Referring expression grounding data –
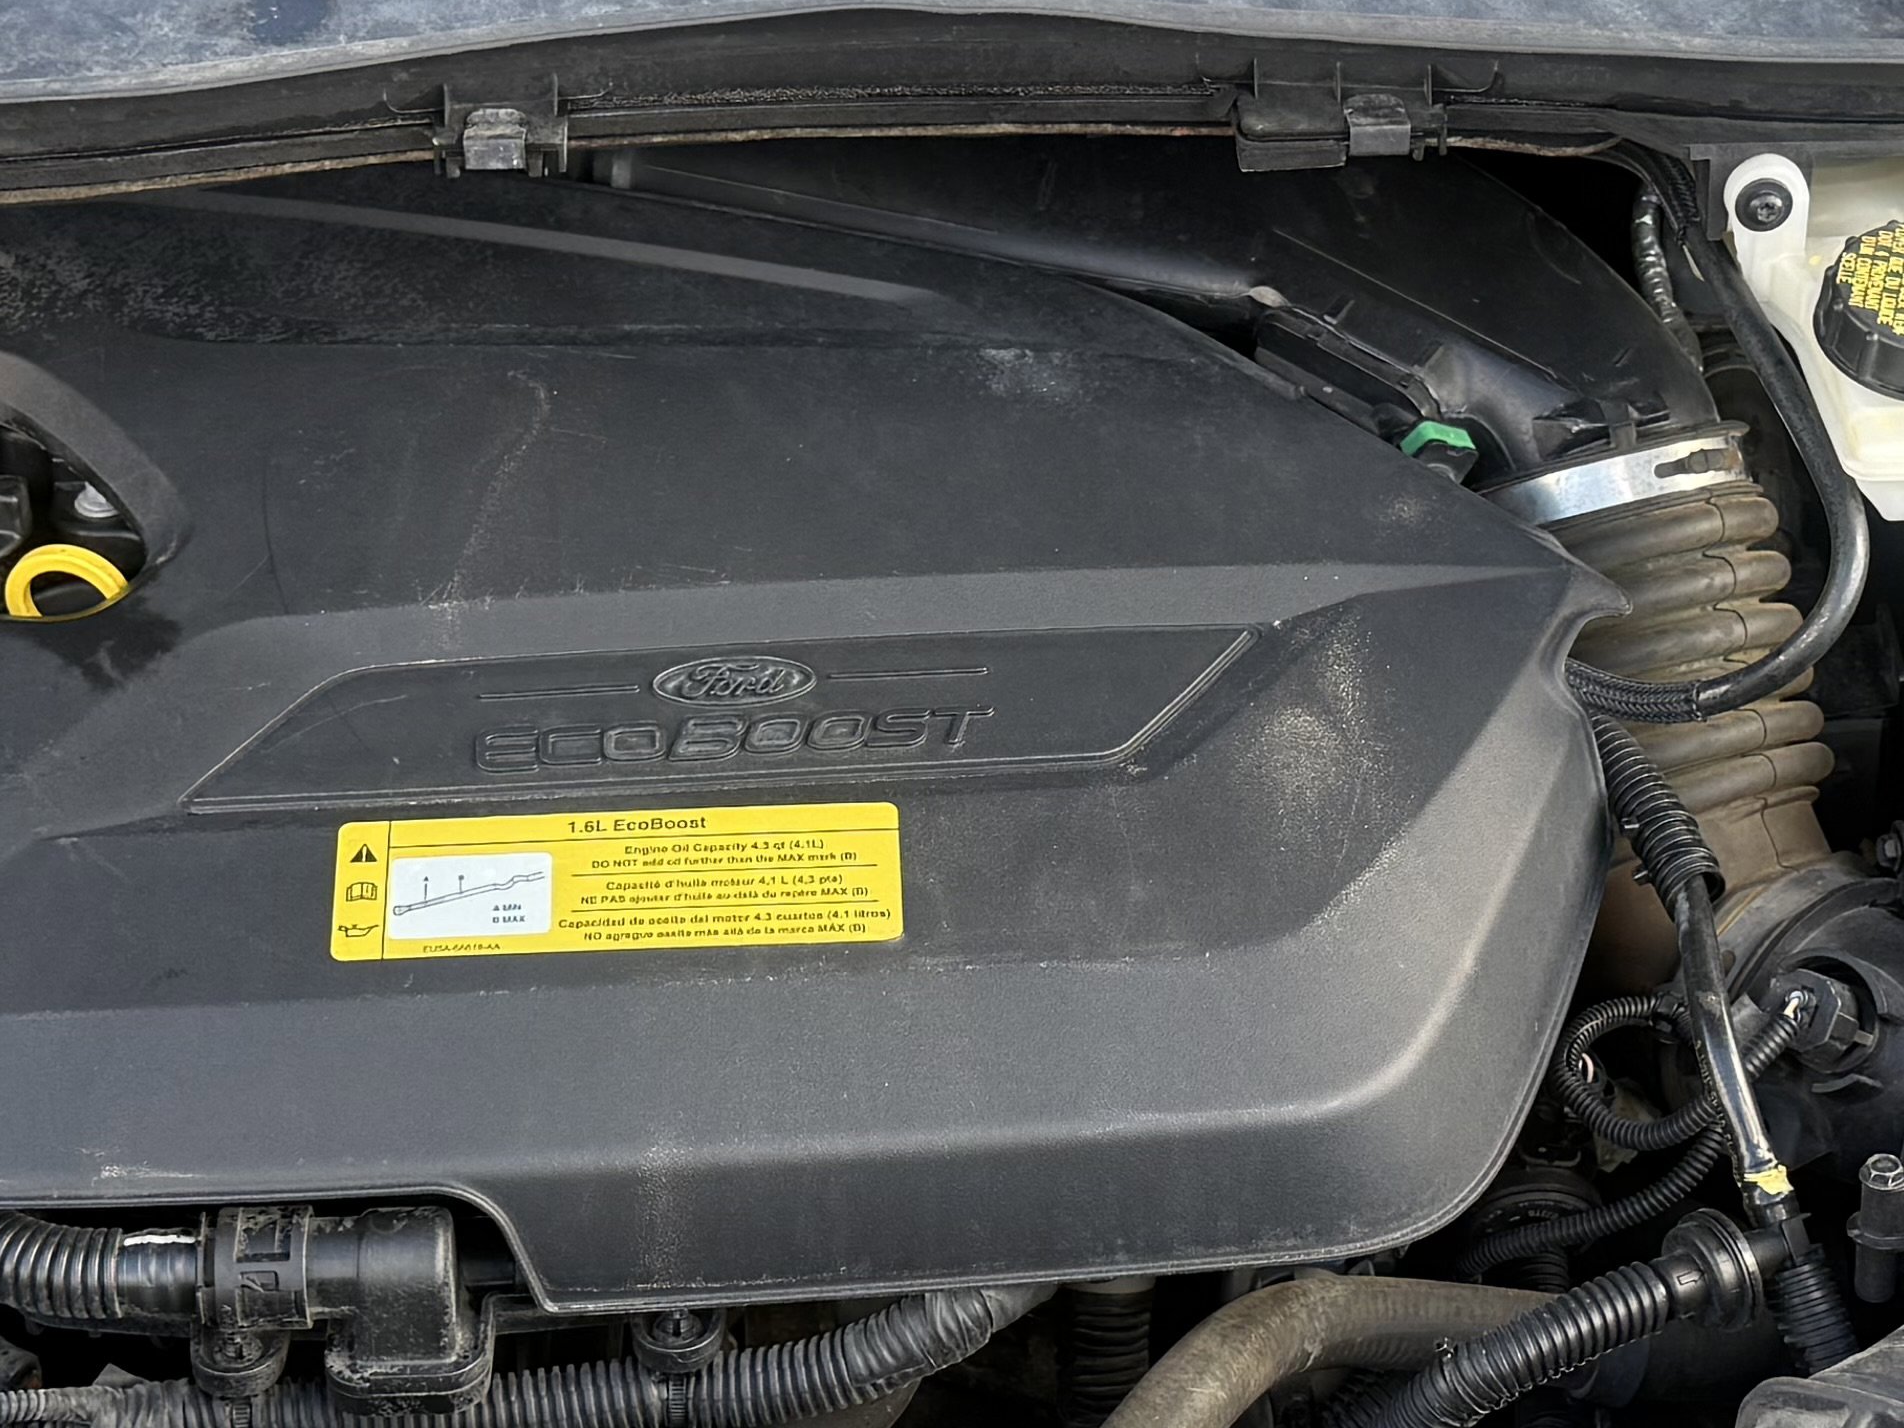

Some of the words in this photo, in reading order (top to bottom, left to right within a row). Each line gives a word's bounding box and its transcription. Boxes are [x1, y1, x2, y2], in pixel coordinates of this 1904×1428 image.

[679, 660, 786, 698] Ford
[474, 706, 996, 773] ECOBOOST
[568, 821, 607, 833] 1.6L
[614, 817, 707, 831] EcoBoost
[624, 845, 668, 855] Engine
[693, 842, 747, 852] Capacity
[592, 860, 610, 868] DO
[613, 859, 638, 867] NOT
[777, 853, 804, 862] MAX
[821, 887, 848, 896] MAX
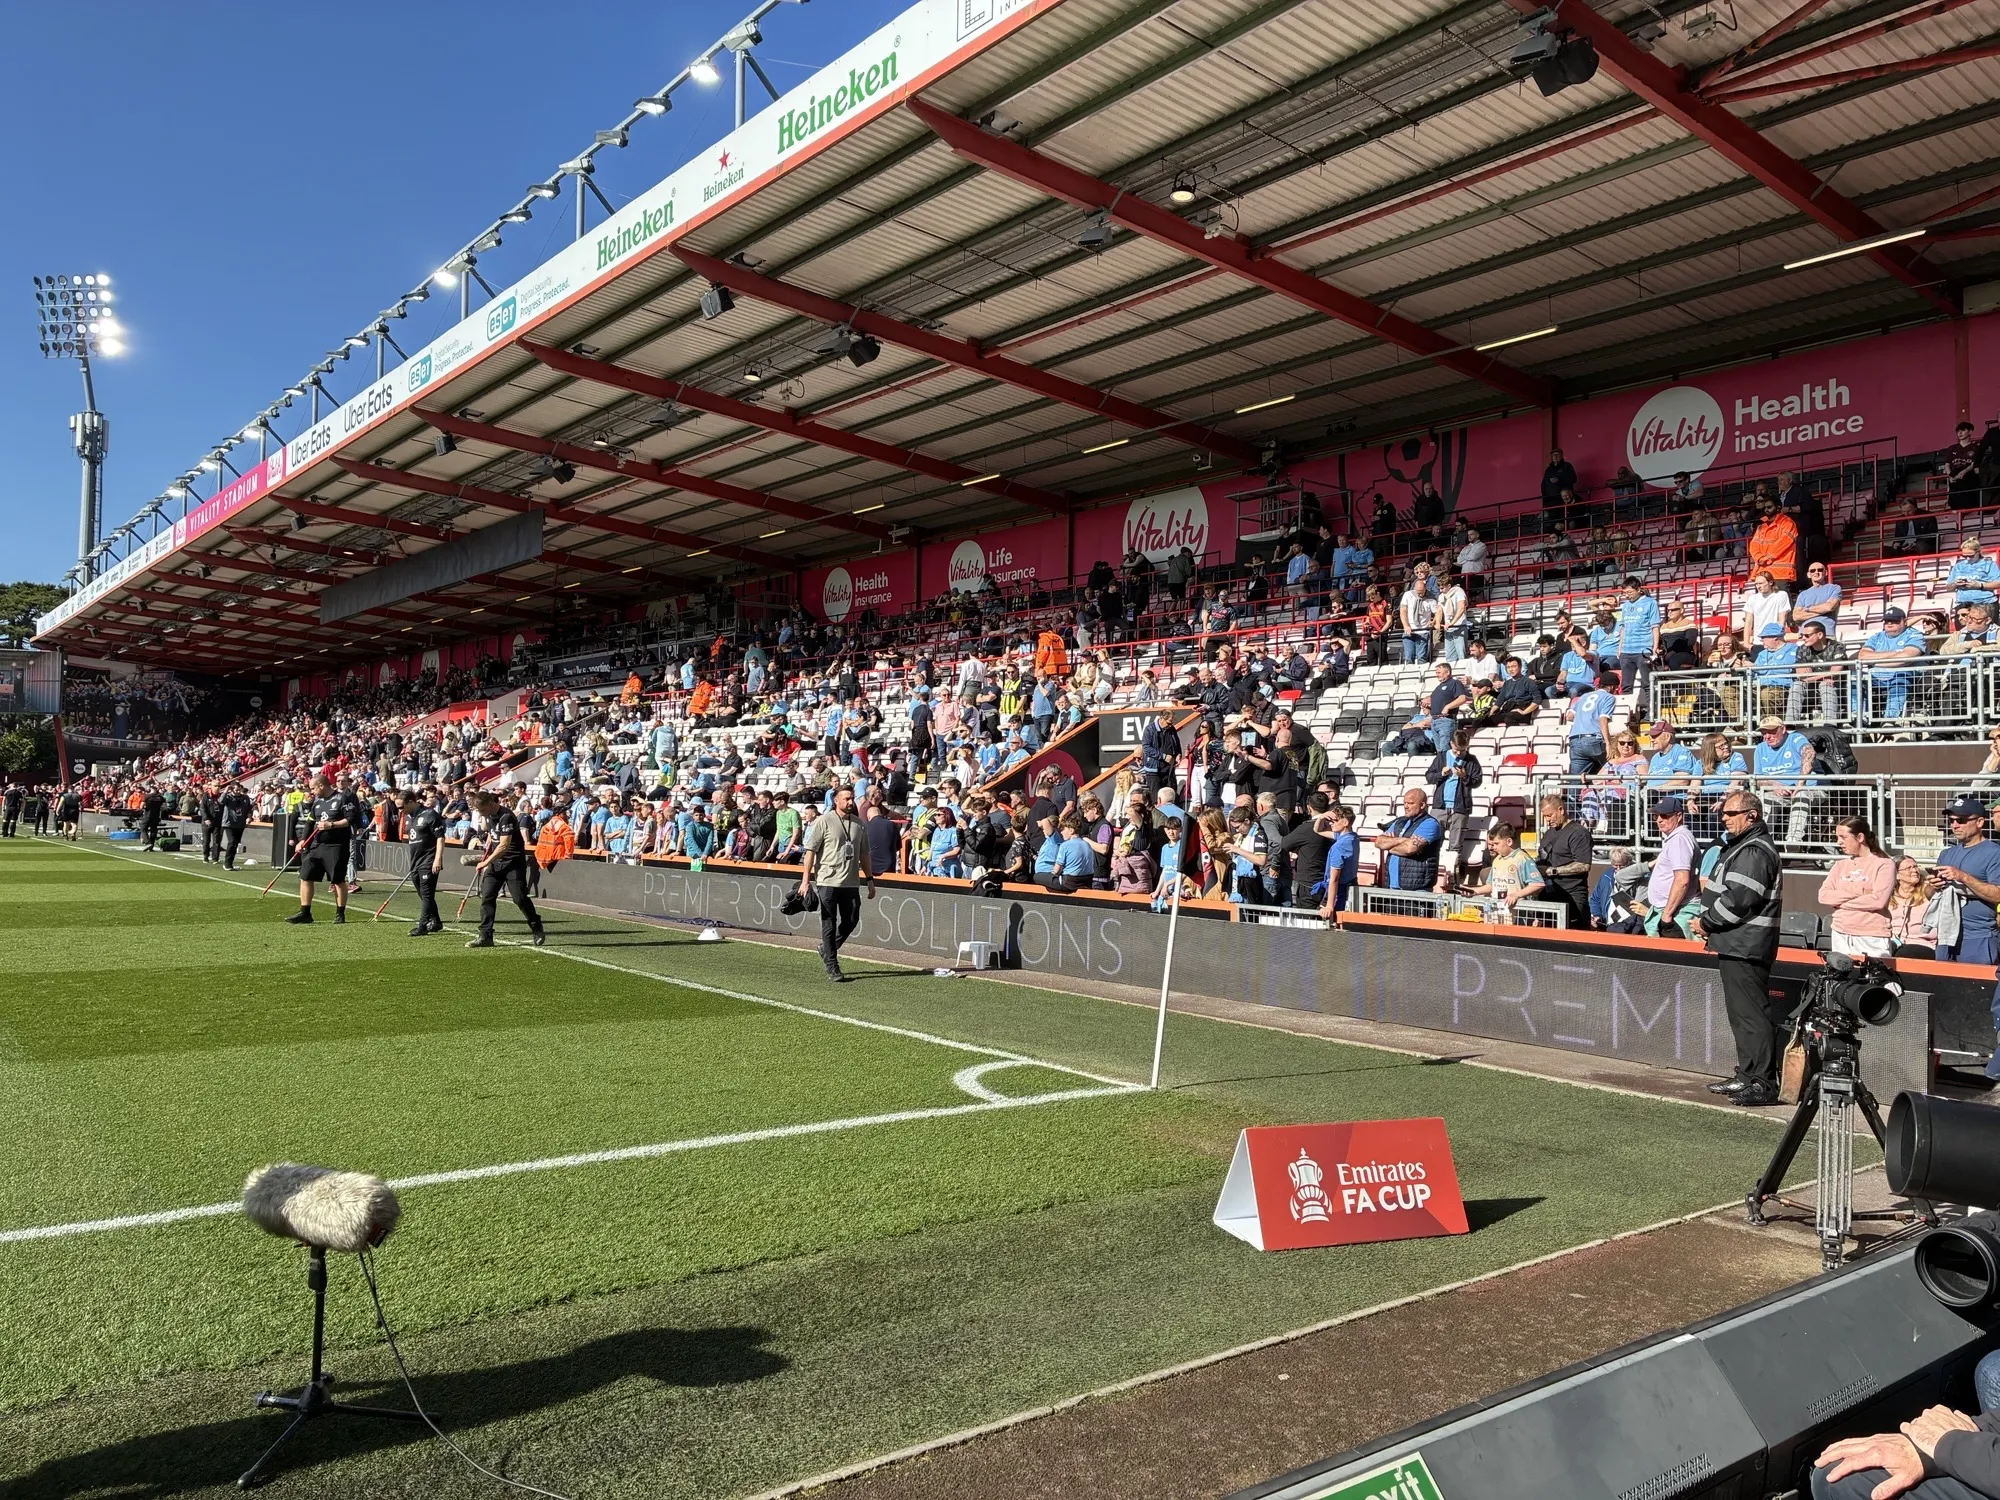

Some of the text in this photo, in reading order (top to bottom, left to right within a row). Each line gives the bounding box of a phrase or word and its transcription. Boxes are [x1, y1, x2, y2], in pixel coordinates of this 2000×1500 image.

[777, 51, 899, 155] Heineken
[703, 167, 744, 202] Heineken
[596, 199, 675, 271] Heineken
[343, 383, 393, 433] Uber Eats
[1734, 378, 1850, 426] Health
[291, 424, 331, 468] Uber Eats
[1631, 415, 1721, 457] Vitality
[1734, 414, 1864, 453] insurance
[190, 498, 221, 533] VITALITY
[223, 473, 258, 511] STADIUM
[1127, 506, 1204, 555] Vitality
[950, 557, 984, 586] Vitality
[989, 547, 1012, 568] Life
[824, 582, 851, 607] Vitality
[854, 591, 892, 607] insurance
[855, 571, 889, 593] Health
[1582, 694, 1598, 711] 8
[1122, 715, 1159, 742] EV
[358, 842, 411, 873] SOLUTION
[876, 895, 1122, 975] SOLUTIONS
[1453, 953, 1712, 1065] PREMI
[1336, 1160, 1426, 1186] Emirates
[1342, 1183, 1431, 1215] FA CUP
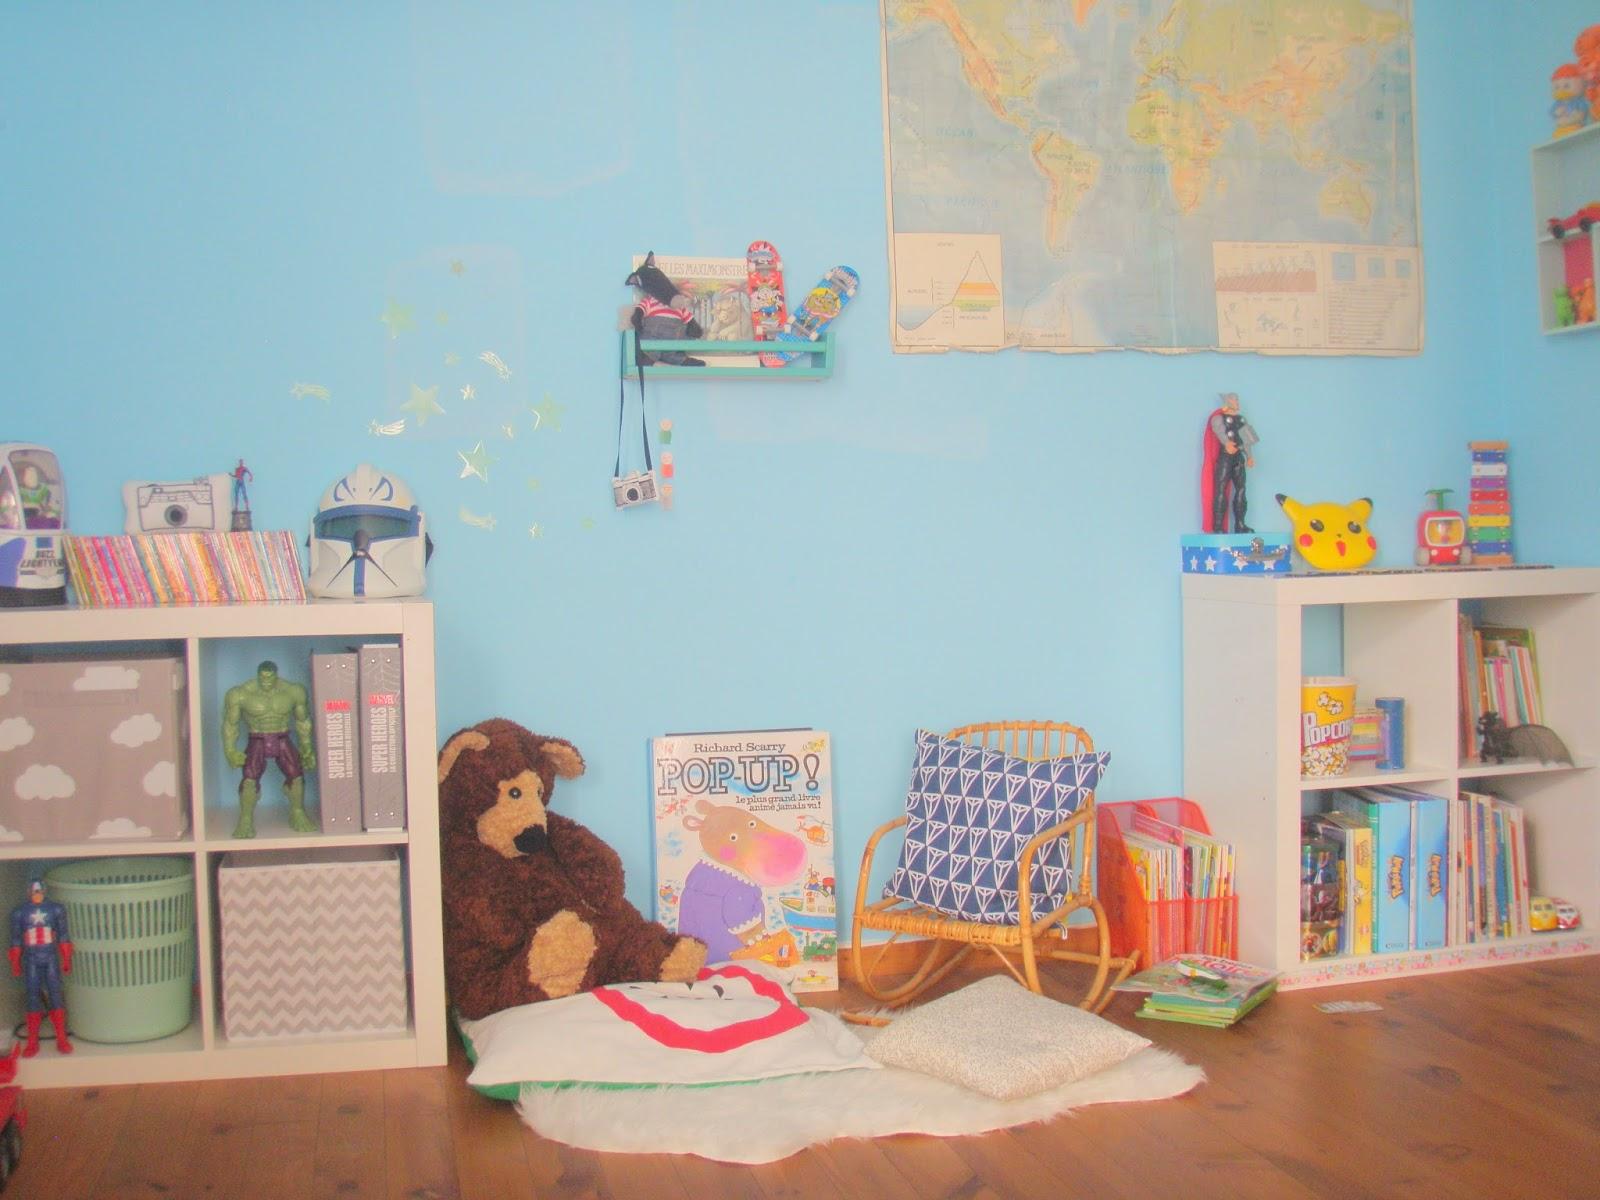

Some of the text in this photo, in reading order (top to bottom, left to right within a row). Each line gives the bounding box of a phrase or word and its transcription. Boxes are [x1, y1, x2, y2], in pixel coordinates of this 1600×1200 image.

[685, 263, 748, 277] MAXIMONSTRE
[326, 712, 344, 748] HEROES
[370, 707, 388, 773] SUPER HEROES
[694, 742, 786, 754] Richard Scarry
[328, 749, 345, 779] SUPER
[736, 793, 821, 806] le plus grand livre
[776, 802, 806, 812] jamais

Work instructions –
Repeat the records above exactly, leaving out the pictures.

Answer to the problem –
Some of the words in this photo, in reading order (top to bottom, left to right within a row). Each line gives a word's bounding box and its transcription. Boxes are [x1, y1, x2, y2], in pixel coordinates of this 1904×1428 image.

[679, 660, 786, 698] Ford
[474, 706, 996, 773] ECOBOOST
[568, 821, 607, 833] 1.6L
[614, 817, 707, 831] EcoBoost
[624, 845, 668, 855] Engine
[693, 842, 747, 852] Capacity
[592, 860, 610, 868] DO
[613, 859, 638, 867] NOT
[777, 853, 804, 862] MAX
[821, 887, 848, 896] MAX

Some of the text in this photo, in reading order (top to bottom, left to right within a row). Each line gives the bounding box of a phrase or word and its transcription. Boxes are [x1, y1, x2, y2], in pixel coordinates of this 2000×1500 image.

[777, 51, 899, 155] Heineken
[703, 167, 744, 202] Heineken
[596, 199, 675, 271] Heineken
[343, 383, 393, 433] Uber Eats
[1734, 378, 1850, 426] Health
[291, 424, 331, 468] Uber Eats
[1631, 415, 1721, 457] Vitality
[1734, 414, 1864, 453] insurance
[190, 498, 221, 533] VITALITY
[223, 473, 258, 511] STADIUM
[1127, 506, 1204, 555] Vitality
[950, 557, 984, 586] Vitality
[989, 547, 1012, 568] Life
[824, 582, 851, 607] Vitality
[854, 591, 892, 607] insurance
[855, 571, 889, 593] Health
[1582, 694, 1598, 711] 8
[1122, 715, 1159, 742] EV
[358, 842, 411, 873] SOLUTION
[876, 895, 1122, 975] SOLUTIONS
[1453, 953, 1712, 1065] PREMI
[1336, 1160, 1426, 1186] Emirates
[1342, 1183, 1431, 1215] FA CUP

Some of the text in this photo, in reading order (top to bottom, left to right within a row). Each line gives the bounding box of a phrase or word and its transcription. Boxes are [x1, y1, x2, y2], in pixel coordinates of this 1600×1200 image.

[685, 263, 748, 277] MAXIMONSTRE
[326, 712, 344, 748] HEROES
[370, 707, 388, 773] SUPER HEROES
[694, 742, 786, 754] Richard Scarry
[328, 749, 345, 779] SUPER
[736, 793, 821, 806] le plus grand livre
[776, 802, 806, 812] jamais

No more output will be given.